“I always wanted to get away from home,” he said. “I didn’t imagine I’d get this far away.”
At Pellom’s high school in Decatur, Ga., outside the big city of Atlanta, his world centered around black culture.
“My high school was 99 percent black,” he said. “Out of 1,200 students, there was one white kid that went to my school and three Asians. I’ve just never seen that side of the world before; I was just used to the African-American community.”
At WVU, it wasn’t uncommon for Pellom to be the only black student or one of two in a classroom of 250. It was a challenge that everyone faced with grace, he said.
“WVU has made me more well-rounded, more accepting of other cultures and beliefs,” he said. “I don’t necessarily have to agree with what they believe in but just be tolerant of it. It’s probably one of the biggest lessons I’ve learned here.”
As vice president of the WVU student chapter of the National Association of Black Journalists, Pellom helped to bring a sense of family to students like him at the P.I. Reed School of Journalism. Right now, nearly every black student in the school is a part of the chapter.
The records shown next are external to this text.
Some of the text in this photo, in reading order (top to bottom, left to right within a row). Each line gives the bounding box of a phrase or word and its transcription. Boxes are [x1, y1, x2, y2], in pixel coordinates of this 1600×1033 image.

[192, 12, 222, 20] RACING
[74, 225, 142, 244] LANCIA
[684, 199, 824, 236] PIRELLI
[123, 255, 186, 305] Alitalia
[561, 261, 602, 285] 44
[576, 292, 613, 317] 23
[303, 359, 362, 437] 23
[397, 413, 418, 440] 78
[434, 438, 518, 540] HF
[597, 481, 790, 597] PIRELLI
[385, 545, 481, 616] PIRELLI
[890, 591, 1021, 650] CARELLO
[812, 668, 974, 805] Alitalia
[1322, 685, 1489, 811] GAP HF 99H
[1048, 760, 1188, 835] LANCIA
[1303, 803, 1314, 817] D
“That’s a mission accomplished,” he said.
It’s not only the NABJ chapter that fosters a sense of family, but the whole journalism school. He may not know everyone’s name there, but he sees all the students and says the school feels like a small family. When he interned at an ABC affiliate in Atlanta last summer, he was with four students from the University of Georgia, a school he’d been interested in attending.
“None of them even knew each other, and they were all in the J-school,” he said. “I like the fact that in the J-school in particular, we have all the resources in the world. “We don’t get the recognition that we should ? It’s definitely one of the best in the country, but the fact that it’s really small – we get that one-on-one attention that we need.”
In his experience here, Pellom has seen what it’s really like to be a broadcast journalist, through meeting journalists like CNN’s Roland Martin, and working the crime beat for WVU News, a TV program broadcast on campus, public television and cable.
“It gave me a new outlook on the media,” he said. “This experience showed me that it really is diverse, not only in front of the camera but behind the camera.”
Pellom said that as a WVU student, he’s tried to be open minded, friendly and helpful. The community took notice.
In the University’s first NAACP Image Awards, coordinated by the Center for Black Culture and Research and the WVU student chapter of the NAACP, Pellom was recognized with the Outstanding Achievement Award.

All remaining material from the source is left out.